We hiked to a vista where Condors typically fly. There were times where the hike was steep, but obviously manageable! We also saw a lot of examples of how farmers in Patagonia set fire to the forest in an effort to clear land for their animals to graze. Personally, I don’t really get it as there are felled trees all over the place and I would think it difficult for the cows, in particular, to graze in such areas. Also, once the trees are gone, the earth is more exposed to the wind and is quite dry so the grass is not lush and thick.
Anyway, we made it to the Condor lookout and sure enough we did see a few. At one point I had gone to find a tree to do ‘some business’ and while I was ‘busy’ a Condor came out of nowhere heading right toward me which was quite unsettling considering my situation! Fortunately he veered off!
Claudia had packed a nice picnic lunch for us which we had in the area. Turkey sandwiches, Caesar Salad, Pisco Sours, chicken soup, and oatmeal cookies for dessert.
After lunch we visited a cave to see some more petroglyphs (6000+ years old). These were made by the indigenous people, the Aonikenk (same as in “Guanaco Central” in Torres del Paine National Park).
Puerto Natales is only 100 years old and the first non-native settler, Eberhardt, came to the area in 1857 (if I recall correctly). He was an explorer and apparently got fed up with all the people exploring around the lower part of Patagonia so headed north and found this area.
The history goes that it took just about 100 years for the aboriginal people to become extinct.

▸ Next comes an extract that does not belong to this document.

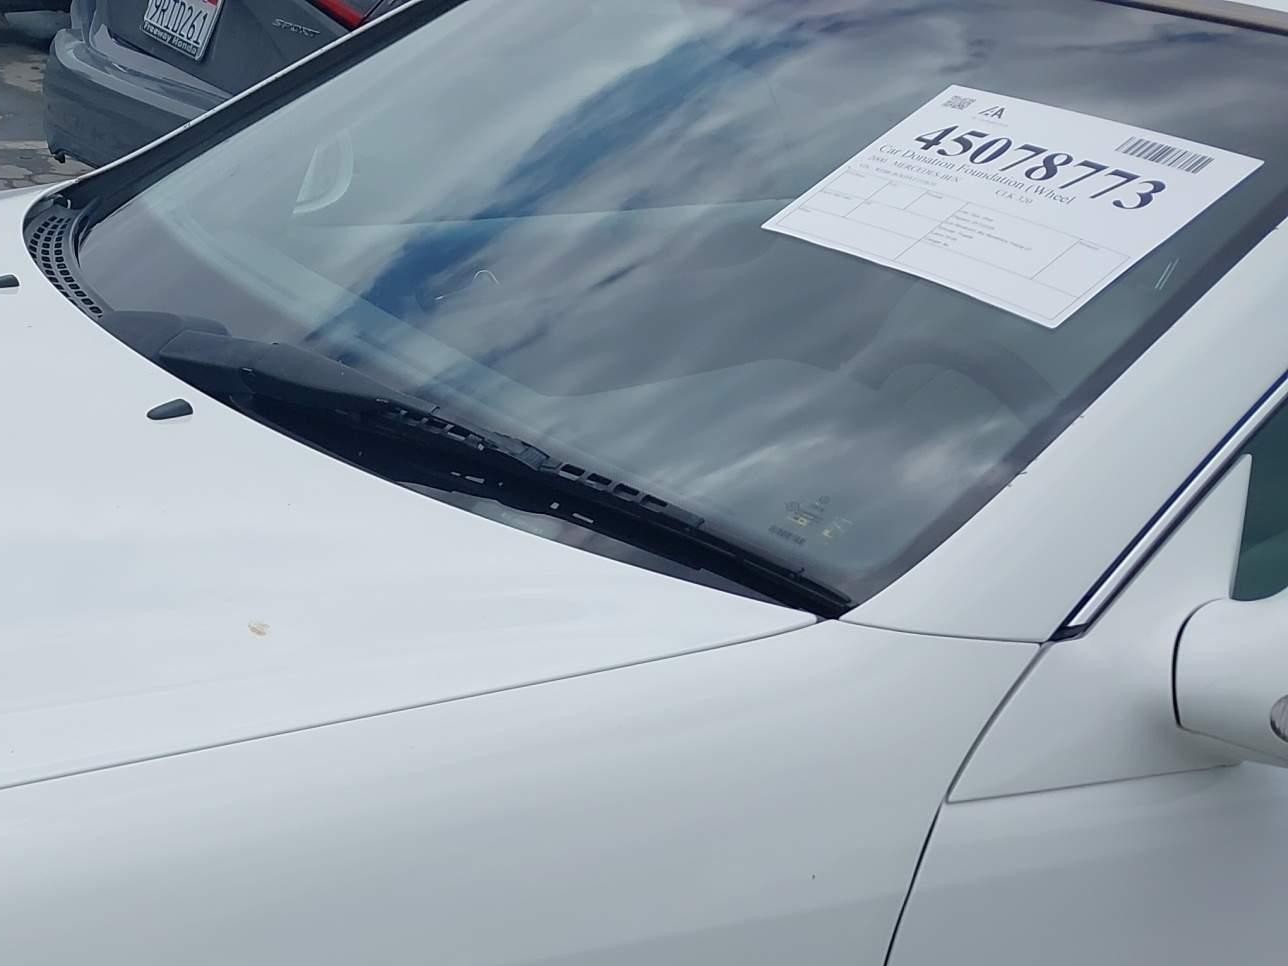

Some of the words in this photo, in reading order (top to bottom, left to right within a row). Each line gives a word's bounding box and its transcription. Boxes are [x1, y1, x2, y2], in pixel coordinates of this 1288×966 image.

There were all sorts of reasons from disease, to killing, to infections caused due to the ‘white man’ introducing clothing to the natives which irritated their skin and caused infections.
At the end of the walk we came across this massive cave where excavations have occurred to uncover bones of the natives and also of prehistoric animals that roamed the land here.
On of the animals is the “Milodón” which was a giant sloth, larger than a bear, and is the symbol of Puerto Natales. There are quite a few milodon statues around town and there is a little silhouette of the milodon on the street signs n town.
Like all other prehistoric animals, there is a lot of conjecture as to what exactly happened to end their life cycle, but a new group of Argentine archeologists have literally just arrived to begin more excavation work in the cave.
When we returned to the hotel, Leslie and I had a private ceviche lesson with the hotel chef, Rene. Ceviche is a South American dish of marinated raw fish or seafood, typically garnished and served as an appetizer. It was delicious!